第十章 血面馒头!

  随着周管家的闯入,众人的气息再是一滞,所有人的目光均是集中到了周恒大善人的面庞上。
  至少,现在可以确定,茅坚石的话语已经有了一半的可信度。
  唯一令人质疑的,便是他的本事了。
  事关周家一众老小的性命,周恒不得不慎重处理。
  他将目光重新转移到了茅坚石的身上,语气森然道:“两天时间你自个儿便被折腾成这幅德性,凭什么让人信你能够处理此事?”
  与其说周恒的目光是在看茅坚石,还不如说是在看茅坚石身上的尸斑。
  两天下来,茅坚石身上的尸斑已经蔓延到了脖子间,若是等这张脸全部布满,他也就坐地升天了。
  一个人自保的能力都不足,的确很难令人信服。
  换作昨夜之前,或许连茅坚石也回答不出所以然来,但现在不同了,因为他的脑中多了一样无比宝贵的东西,同样也是他唯一翻盘的机会。

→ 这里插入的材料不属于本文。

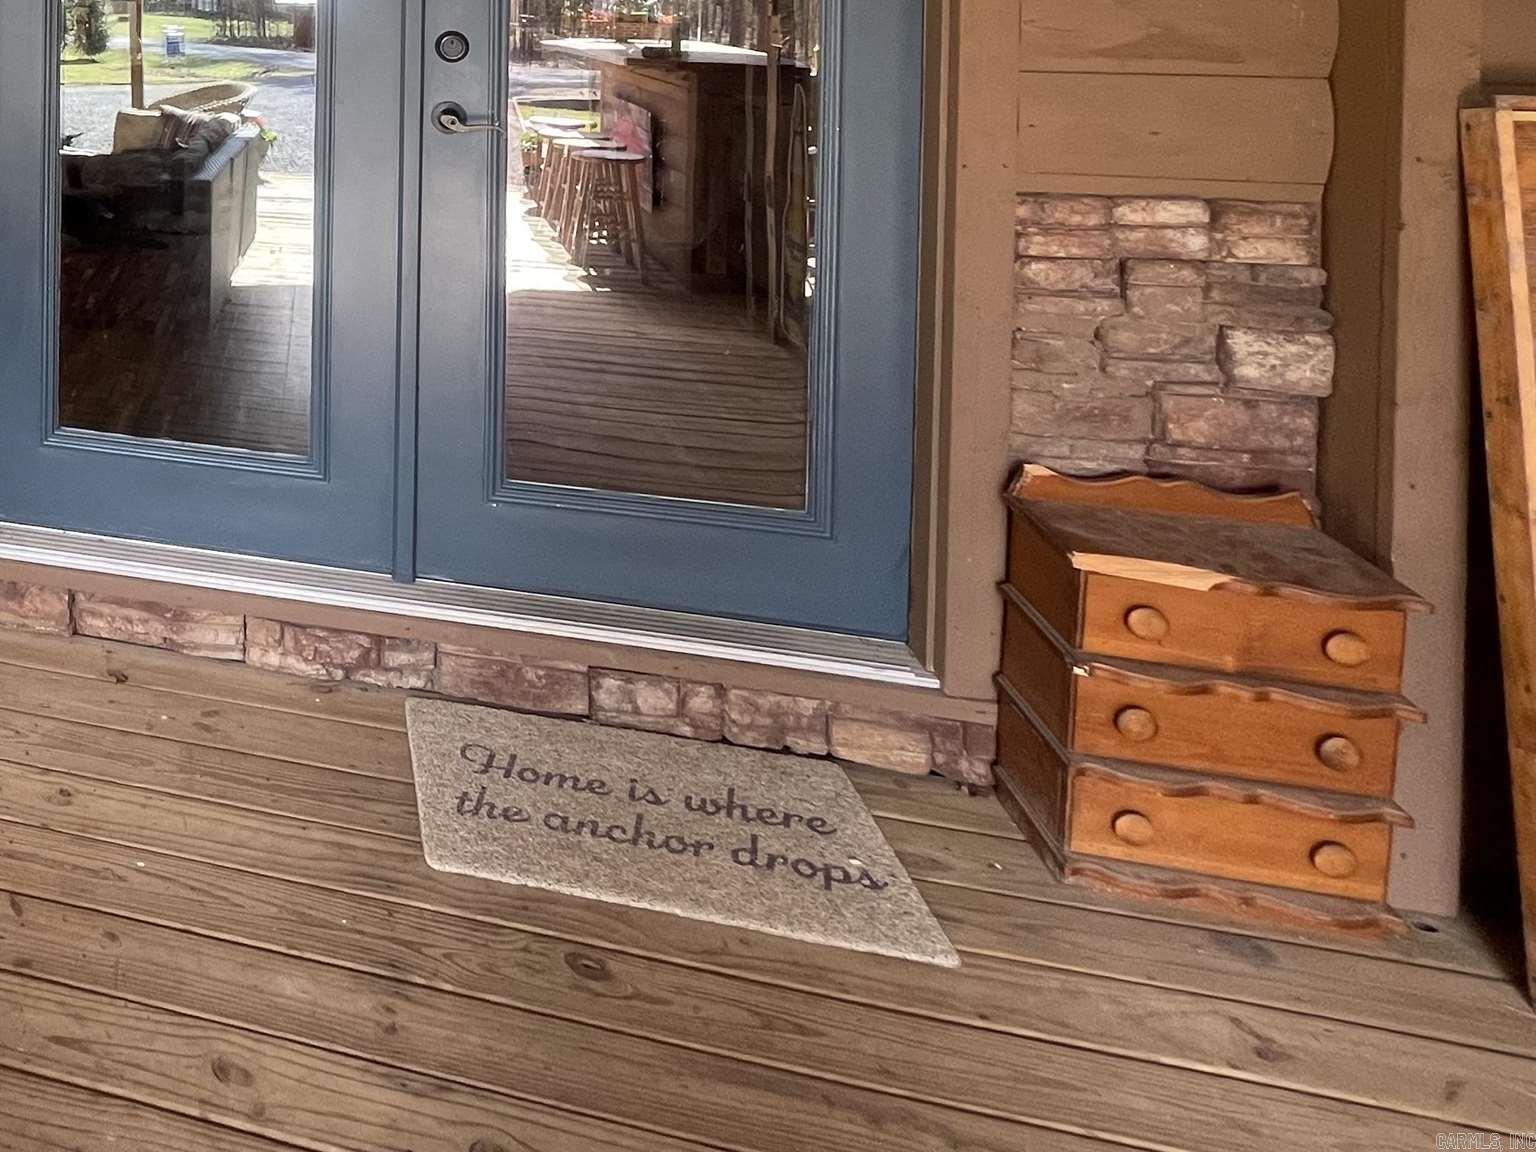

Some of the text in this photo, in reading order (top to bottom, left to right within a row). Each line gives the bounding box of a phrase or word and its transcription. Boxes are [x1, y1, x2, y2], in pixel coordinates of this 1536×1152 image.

[455, 785, 889, 891] the anchor drops
[459, 742, 837, 836] Home is where
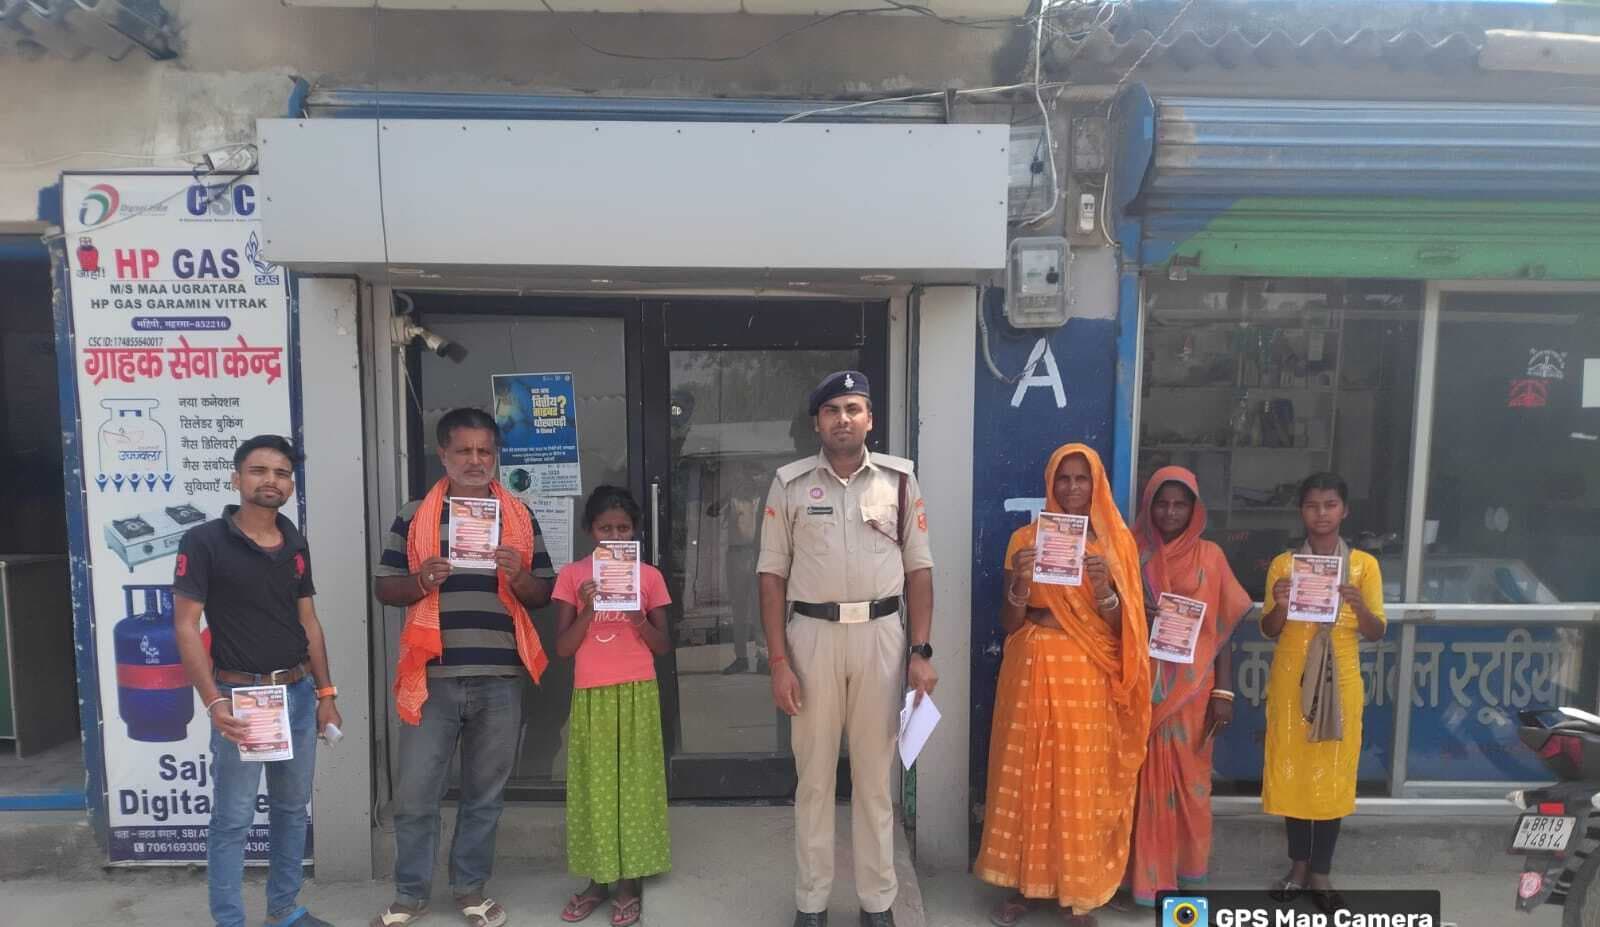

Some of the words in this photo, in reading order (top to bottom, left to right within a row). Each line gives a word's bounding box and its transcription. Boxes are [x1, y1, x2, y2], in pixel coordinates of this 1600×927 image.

[187, 184, 255, 215] CSC
[115, 249, 160, 279] HP
[172, 249, 240, 279] GAS
[255, 275, 279, 285] GAS
[110, 284, 133, 294] M/S
[138, 284, 168, 294] MAA
[172, 283, 246, 294] UGRATARA
[91, 299, 109, 310] HP
[114, 299, 142, 309] GAS
[147, 299, 211, 309] GARAMIN
[216, 298, 268, 309] VITRAK
[88, 337, 102, 347] CSC
[83, 348, 164, 386] ग्राहक
[167, 335, 219, 380] सेवा
[221, 335, 283, 386] केन्द्र
[1010, 337, 1067, 408] A
[178, 397, 198, 408] नया
[200, 394, 240, 408] कनेक्शन
[216, 414, 243, 433] बुकिंग
[180, 437, 198, 449] गैस
[182, 457, 200, 471] गैस
[176, 553, 188, 577] 3
[120, 789, 210, 822] Digita
[1531, 818, 1564, 832] BR19
[181, 829, 197, 838] SBI
[198, 828, 208, 838] AT
[147, 842, 207, 852] 706169306
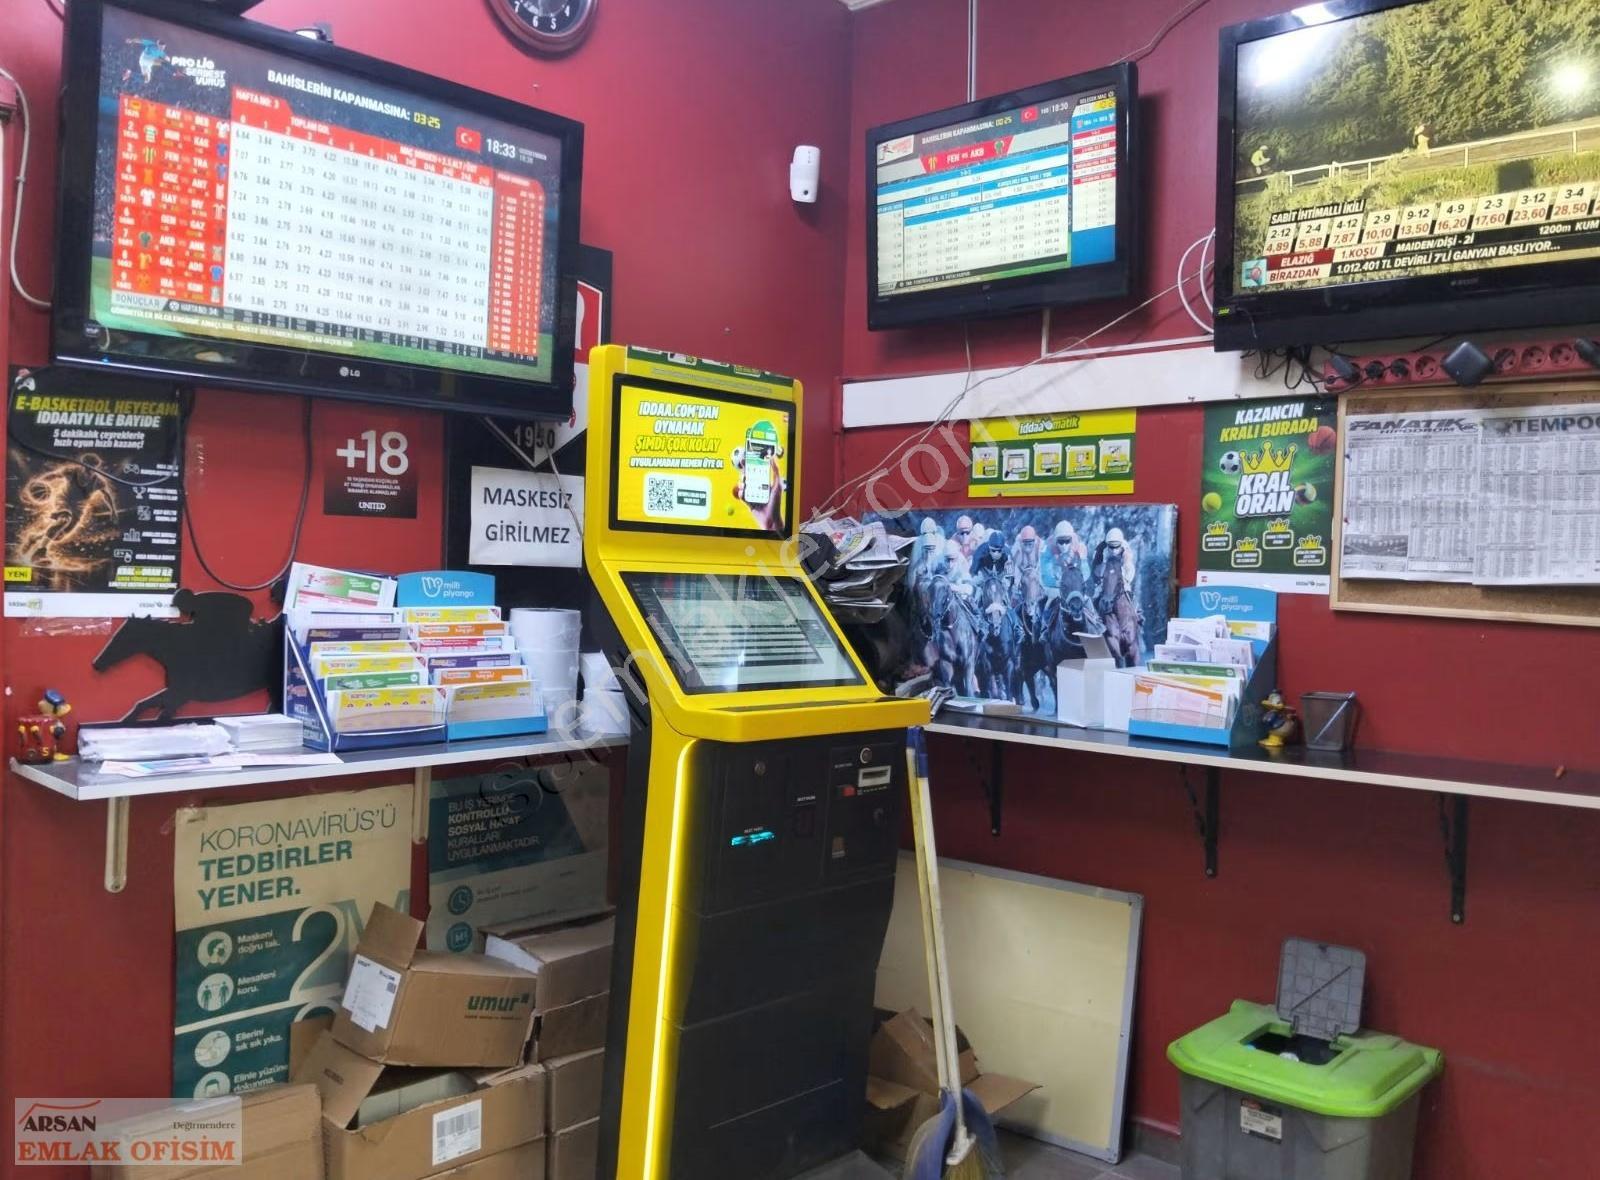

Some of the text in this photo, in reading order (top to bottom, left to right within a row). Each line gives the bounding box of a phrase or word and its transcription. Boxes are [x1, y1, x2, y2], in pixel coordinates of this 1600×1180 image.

[515, 1, 520, 13] 7
[564, 5, 570, 17] 4
[532, 16, 539, 27] 6
[550, 18, 557, 30] 5
[171, 56, 195, 68] PRO
[267, 70, 442, 129] BAHİSLERİN KAPANMASINA: 03:25
[486, 138, 516, 159] 18:33
[947, 154, 960, 164] FEN
[1521, 193, 1546, 205] 3-12
[1565, 188, 1584, 199] 3-4
[1446, 204, 1465, 214] 4-9
[1484, 199, 1503, 209] 2-3
[1271, 201, 1364, 225] SABİT İHTİMALLİ İKİLİ
[1373, 214, 1391, 224] 2-9
[1407, 208, 1430, 219] 9-12
[1305, 223, 1322, 234] 2-4
[1336, 218, 1358, 229] 4-12
[1539, 221, 1600, 235] 1200m KUM
[1270, 228, 1291, 239] 2-12
[1280, 253, 1314, 267] ELAZIĞ
[1337, 262, 1380, 275] 1.012.401
[1381, 260, 1392, 269] TL
[1394, 254, 1432, 268] DEVİRLİ
[1453, 246, 1496, 261] GANYAN
[1269, 267, 1320, 282] BİRAZDAN
[350, 369, 361, 378] LG
[15, 395, 179, 416] E-BASKETBOL HEYECANI
[1235, 403, 1305, 425] KAZANCIN
[53, 428, 145, 441] 5 dakikalık çeyreklerle
[654, 419, 705, 436] OYNAMAK
[1220, 418, 1318, 442] KRALI BURADA
[73, 440, 94, 449] oyun
[113, 439, 144, 450] kazanç!
[667, 437, 688, 454] ÇOK
[688, 438, 721, 453] KOLAY
[336, 430, 409, 476] +18
[630, 457, 680, 468] UYGULAMADAN
[680, 458, 703, 468] HEMEN
[716, 459, 724, 468] OL
[1239, 471, 1291, 495] KRAL
[358, 501, 387, 510] UNITED
[483, 487, 573, 510] MASKESİZ
[1236, 491, 1295, 515] ORAN
[485, 523, 570, 545] GİRİLMEZ
[443, 581, 460, 591] milli
[443, 588, 474, 599] piyango
[1221, 596, 1238, 604] milli
[1221, 602, 1253, 612] piyango
[448, 804, 510, 824] KONTROLLÜ
[200, 803, 397, 853] KORONAVİRÜS'Ü
[448, 816, 521, 837] SOSYAL HAYAT
[198, 840, 353, 882] TEDBİRLER
[197, 876, 301, 911] YENER.
[238, 929, 273, 944] Maskeni
[238, 940, 280, 954] doğru tak.
[238, 969, 276, 985] Mesafeni
[237, 985, 259, 995] koru.
[467, 995, 518, 1011] umur
[235, 1027, 264, 1041] Ellerini
[235, 1034, 283, 1052] sık sık yıka.
[234, 1071, 257, 1083] Elinle

  ‘御僵正经’上卷,里面所记载的东西,足以让其逆风翻盘!
  恰巧如今是白天,他还有补充能量的机会!
  心中想定,茅坚石突然闭上了眼睛,随着他深深吸一口气,待得胸腔微微发鼓,一脚跺向了地面。
  众人只听得‘嘭’的一声,竟是发现,坚硬石板直接被茅坚石一脚跺得龟裂了开来。
  通过前半夜的压棺,茅坚石如今累积的千斤坠爆发力已经达到了一百四十斤,而再加上茅坚石自身的气力,茅坚石这一脚已经接近三百斤了。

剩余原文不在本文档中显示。